This week on Tracking––a weekly series in which we discuss our favorite songs of the year (you can check out the official list as the year progresses)––you can listen to additions from El-P, Florence + The Machine, Japandroids, How To Dress Well and MS MR. (Click on the arrows to navigate through the songs.)

El-P Cure4Cancer

El-P: $4Vic/FLT (1 of5)

El-P raps like he is in a Cormac McCarthy novel. His impossibly dense verses are steeped in paranoia and menace, conjuring up a post-apocalyptic world where no one is to be trusted. On paper, it is unclear why such an agreeable man chooses to make music behind a uniquely fierce artistic guise. However, when listening to “$4 Vic/FTL” – or any of the the tracks on his exceptional Cancer For Cure – those questions become irrelevant. It is an El-P track and it is exactly what he wants it to be.

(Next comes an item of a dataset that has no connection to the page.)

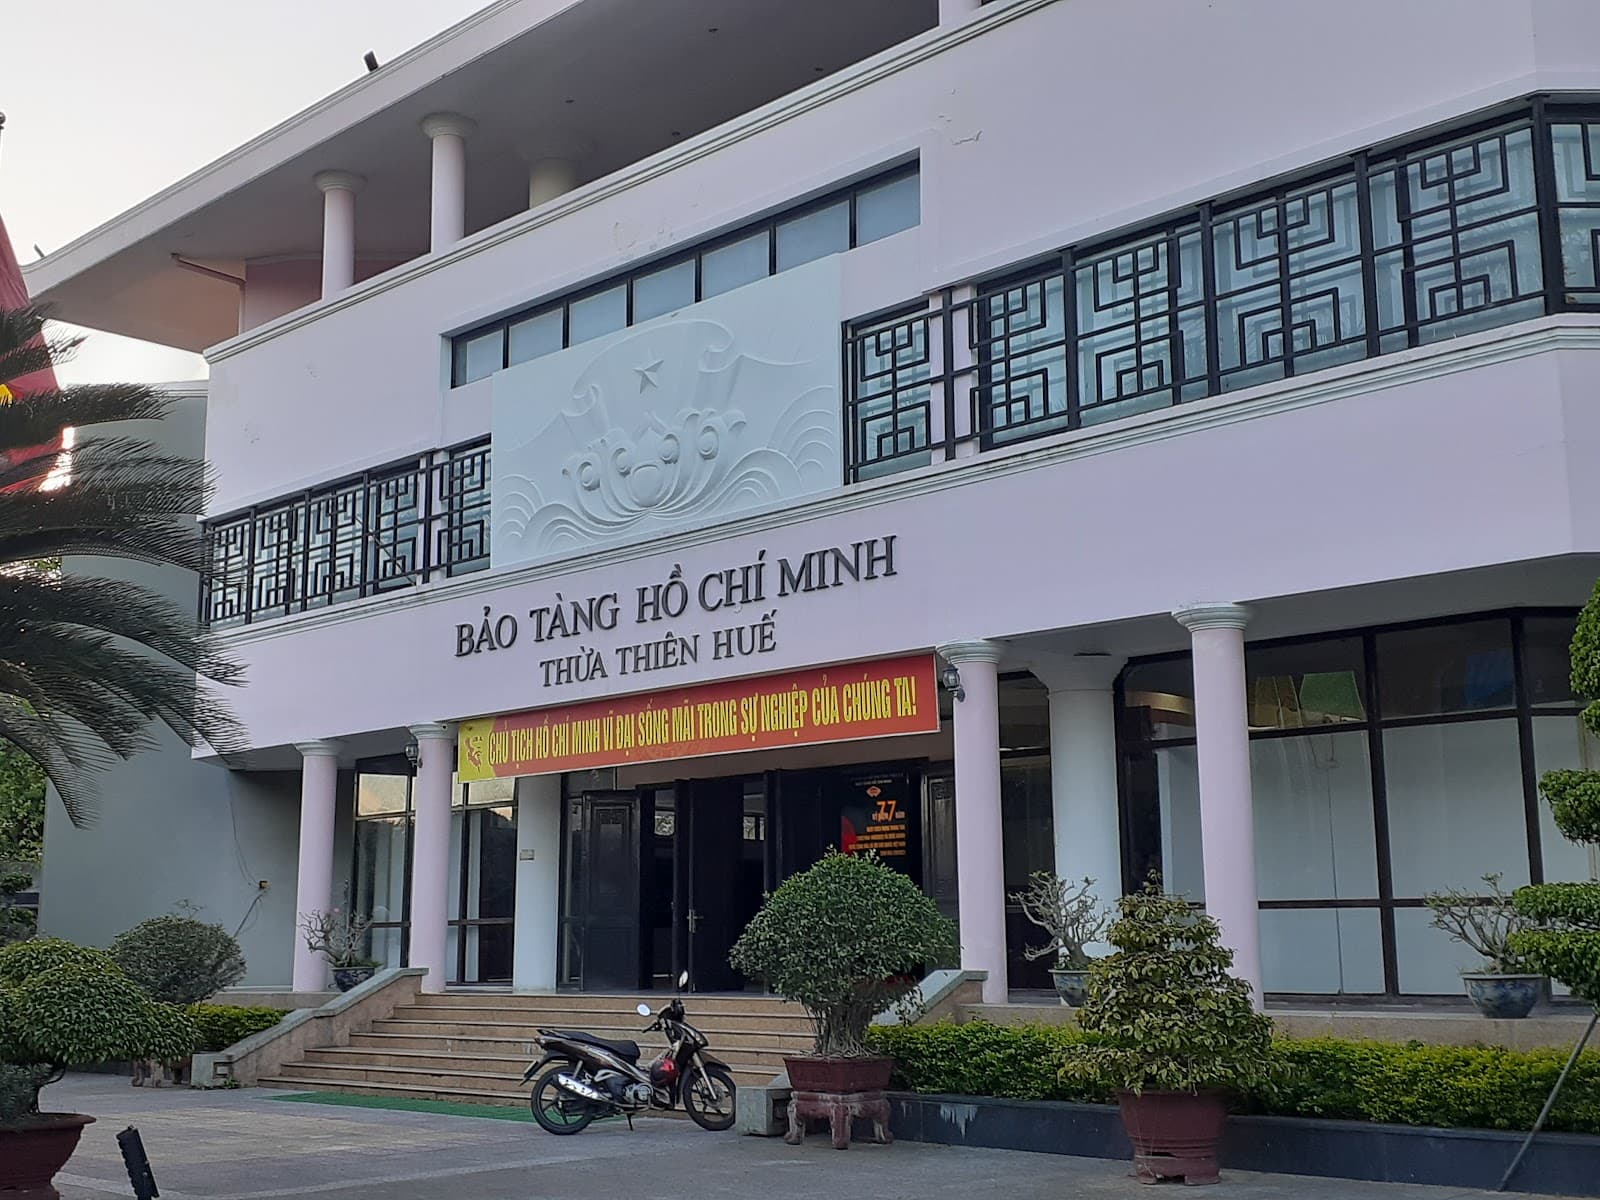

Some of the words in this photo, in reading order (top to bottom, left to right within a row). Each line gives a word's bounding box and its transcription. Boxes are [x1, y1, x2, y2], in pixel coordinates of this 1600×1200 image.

“$4 Vic/FTL” is the most ambitious track on the album and the most complete picture of Jaime Meline's craft. Like much of El-P's production, the track takes on a number of different shapes throughout. The opening segment builds a heavy cloud of tension. Synths sputter and snarl alongside a driving bassline and, before the drums drop, El-P's lyrics set the stage: “there are ghosts here/ there's a presence there's a power/ for the tightrope over tank with the piranhas/ for the frazzled it's a moment it's a promise/ to be broke down to be lowdown to be honest/ another showdown with the woozy and the conscious.”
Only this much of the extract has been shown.